Exhibit 7.20
FIRST AMENDMENT TO PLEDGE AND SECURITY AGREEMENT
(Investment Property)
THIS FIRST AMENDMENT TO SECURITY AGREEMENT is made as of September 15,
2000 between:
RIVERSIDE GROUP, INC.
0000 Xxxxxxx Xxxxxxx, Xxxxx 000
Xxxxxxxxxxxx, XX 00000
(the "Debtor")
and
XXXXXXXX X. XXXXXX,
as agent for the Holders (as defined below)
000-X Xxxxxxxxx Xxx
Xxxxxxxxxxxx, XX 00000
(the "Secured Party")
Recitation of Facts
The Debtor is obligated to the holders (together with their successors
and assigns, and persons who may later become holders, called "Holders") of
certain secured 11% Promissory Notes dated as of April 1, 1999 (as they may be
renewed or modified, called the "Notes") issued pursuant to a Credit Agreement
of even date herewith (as it may be modified called the "Credit Agreement") by
and among the initial Holders, the Secured Party and the Debtor. The Notes, the
Credit Agreement and all present and future obligations of the Debtor to the
Holders or the Secured Party of whatever nature, liquidated or contingent,
incurred in connection with the Notes, the Credit Agreement, this Agreement or
other Transaction Documents, as they may be modified or extended, are herein
called the "Indebtedness." In connection therewith, the Debtor and the Secured
Party executed a Security Agreement dated as of April 1, 1999 (the "Original
Agreement") whereby the Debtor granted the Secured Party a security interest in
certain collateral of the Debtor. The Debtor is currently in default on the
Notes and in consideration of the Holders agreement to forbear until December
31, 2000 pursuant to a Forbearance Agreement made as of May 8, 2000 and amended
as of August 14, 2000 (as amended, the "Forbearance Agreement"), the Debtor
wishes to amend the Original Agreement to grant to the Holders an additional
security interest in 3,119,067 shares of the common stock of Buildscape, Inc.
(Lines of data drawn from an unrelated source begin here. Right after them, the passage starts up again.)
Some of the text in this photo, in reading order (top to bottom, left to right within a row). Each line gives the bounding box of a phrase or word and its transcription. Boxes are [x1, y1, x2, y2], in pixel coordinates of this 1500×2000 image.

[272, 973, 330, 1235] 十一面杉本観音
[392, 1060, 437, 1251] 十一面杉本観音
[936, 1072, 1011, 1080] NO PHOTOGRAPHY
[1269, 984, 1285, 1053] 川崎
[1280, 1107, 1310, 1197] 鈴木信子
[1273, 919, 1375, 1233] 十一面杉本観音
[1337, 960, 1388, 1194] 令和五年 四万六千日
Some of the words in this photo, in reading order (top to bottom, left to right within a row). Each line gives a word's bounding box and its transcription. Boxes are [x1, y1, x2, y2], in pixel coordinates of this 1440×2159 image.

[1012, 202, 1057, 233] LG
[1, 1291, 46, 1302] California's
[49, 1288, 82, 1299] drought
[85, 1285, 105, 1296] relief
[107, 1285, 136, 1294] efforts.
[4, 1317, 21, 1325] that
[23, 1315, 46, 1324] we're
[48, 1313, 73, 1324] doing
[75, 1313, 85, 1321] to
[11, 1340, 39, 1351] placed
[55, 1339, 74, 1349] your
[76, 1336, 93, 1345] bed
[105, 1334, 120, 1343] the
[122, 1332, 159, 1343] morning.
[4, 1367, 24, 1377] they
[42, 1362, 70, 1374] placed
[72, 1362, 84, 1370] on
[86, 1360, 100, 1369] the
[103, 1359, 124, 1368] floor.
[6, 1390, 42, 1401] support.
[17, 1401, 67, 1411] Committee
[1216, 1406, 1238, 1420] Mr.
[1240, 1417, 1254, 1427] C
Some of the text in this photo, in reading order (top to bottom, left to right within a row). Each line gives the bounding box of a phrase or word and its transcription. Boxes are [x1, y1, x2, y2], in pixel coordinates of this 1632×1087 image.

(the "Buildscape Shares").
Agreement
IN CONSIDERATION of the mutual benefits contained herein and to induce
the Holders to extend credit constituting indebtedness secured hereby, the
parties hereto agree as follows:
1. Definitions. The preceding defined terms and following terms shall
be added to Section 1 of the Original Agreement:
"Imagine Collateral" means the first priority lien in the
Buildscape Shares granted to Imagine Investments, Inc.
"Imagine Collateral Documents" means the documents evidencing
the lien of Imagine in the Buildscape Shares.
"Transaction Documents" means (a) this Agreement, (b) any
Control Agreement, (c) the Notes, (d) the Credit Agreement and all other
Collateral Documents, as defined in the Credit Agreement, and (e) the
Forbearance Agreement.
All terms used herein which are not otherwise defined herein shall have the same
meaning as is ascribed to them in the Original Agreement.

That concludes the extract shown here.